The durbar aimed at increasing awareness among chiefs, community leaders, children, families on the negative consequences of child labour.
Ms Mina Mensah, CHRI Africa Regional Coordinator said the Children’s Act (560) of 1998 enumerates some of the rights of a child, adding among these were the rights to education and well-being, protection from torture and degrading treatment and protection from exploitative labour.
She said many children were deprived of these basic rights, resulting in many of them being deprived of a proper childhood upbringing.
She noted that CHRI believed that the International Human Rights Day was an ideal time to increase awareness on child labour by focusing on the plights of children engaged in stone quarrying and fishing, in the Weija Municipality by holding a durbar with the chiefs and people of the Bortianor community.
The CHRI Africa Regional Coordinator said the durbar was to re-emphasise the negative impact of the phenomenon on the development of children, “examples from several countries has shown that focusing on grassroots strategies to mobilize communities against child labour has proven crucial to breaking the cycle of child labour in many communities”.
Ms Mensah explained that the child, by reason of his or her physical and mental state needed special safeguards and care, “Ghana as a country had failed to adequately address this menace, especially along the stone quarrying, fishing and cocoa production areas”.
She said several policies had been formulated and legislation passed to confront challenges children faced in Ghana, adding, notable among them was the National Plan of Action on child labour and the Livelihood Empowerment against Poverty Programme for households with children involved in child labour.
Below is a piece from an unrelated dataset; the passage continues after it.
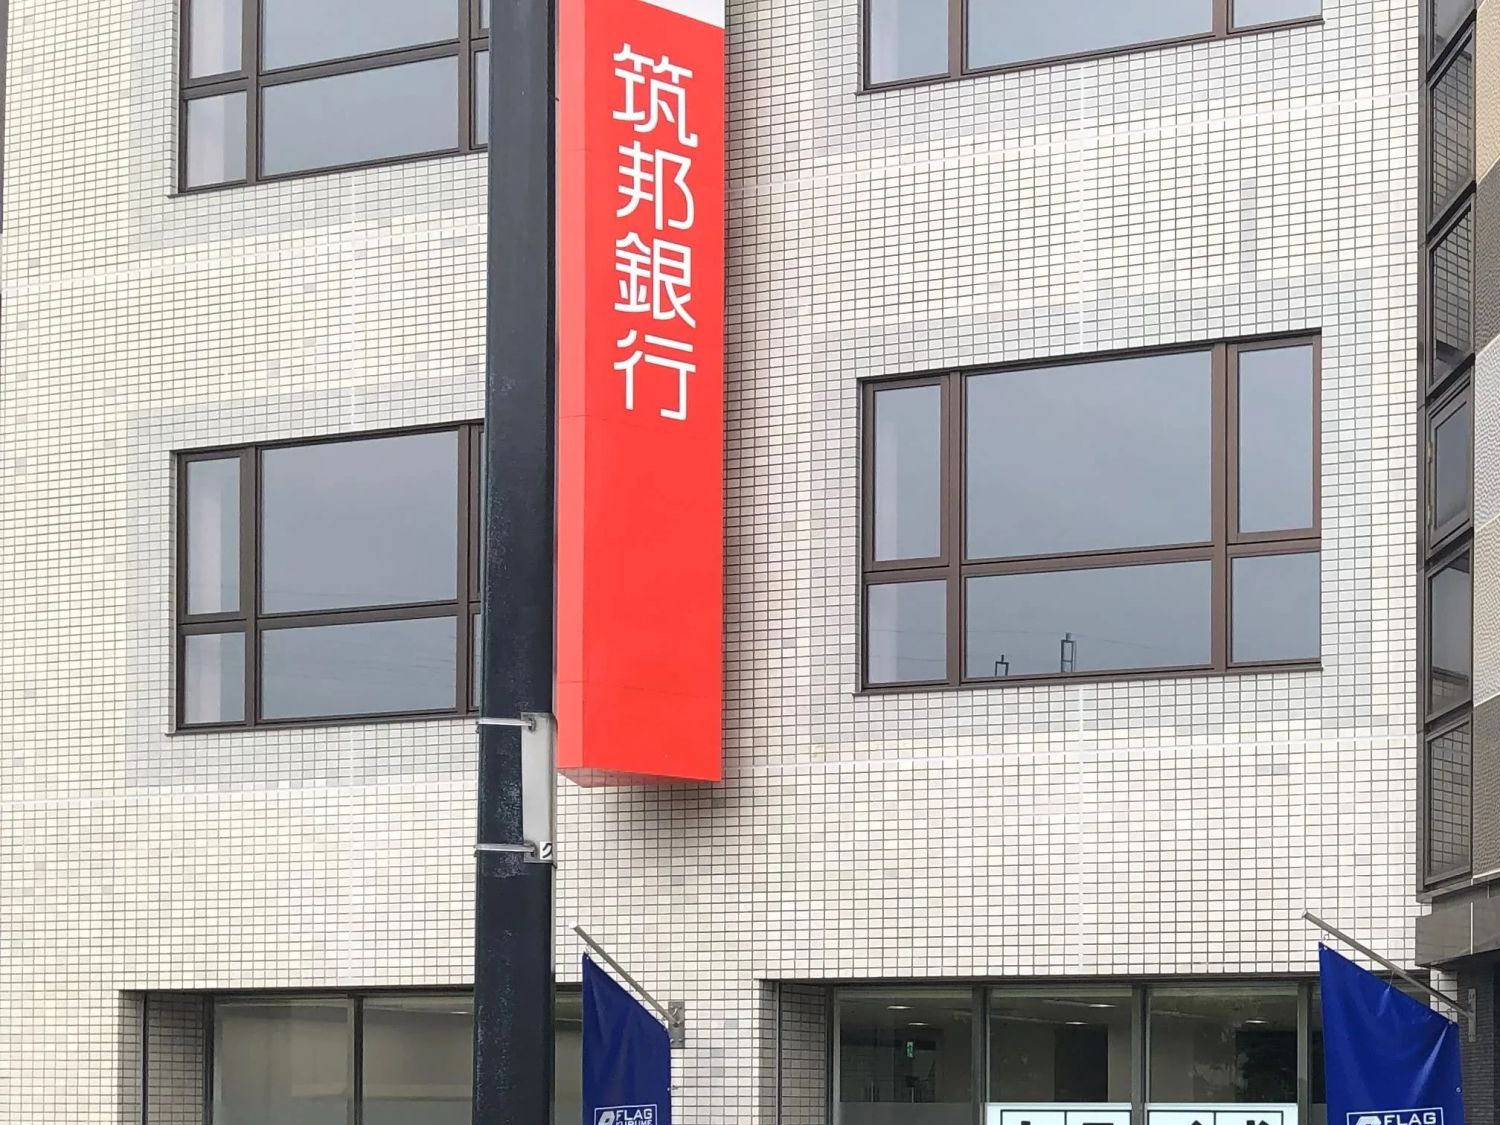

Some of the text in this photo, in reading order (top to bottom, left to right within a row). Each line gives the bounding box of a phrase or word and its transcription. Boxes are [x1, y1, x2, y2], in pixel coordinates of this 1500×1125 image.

[612, 43, 698, 421] 筑邦銀行
[616, 1108, 653, 1121] FLAG
“The implementations of these initiatives however continue to be plagued with bottlenecks such as overlapping mandates and weak coordination among various stakeholders, weak enforcement of legal provisions, inadequate budgets and weak institutional capacity for monitoring and evaluation among others”.
Ms Mensah called on government to make available adequate funds for the enforcement of child labour laws and to ensure that these funds were used for the purposes for which they had been given.
She urged the parents to send their children to school so that they could become good leaders in future.
Mr Prosper Oye, Director of Department of Social Welfare at Weija Municipality said people who were in authority got the opportunity to go to school before they became prominent people in the country, so parents should also give their children the same opportunity.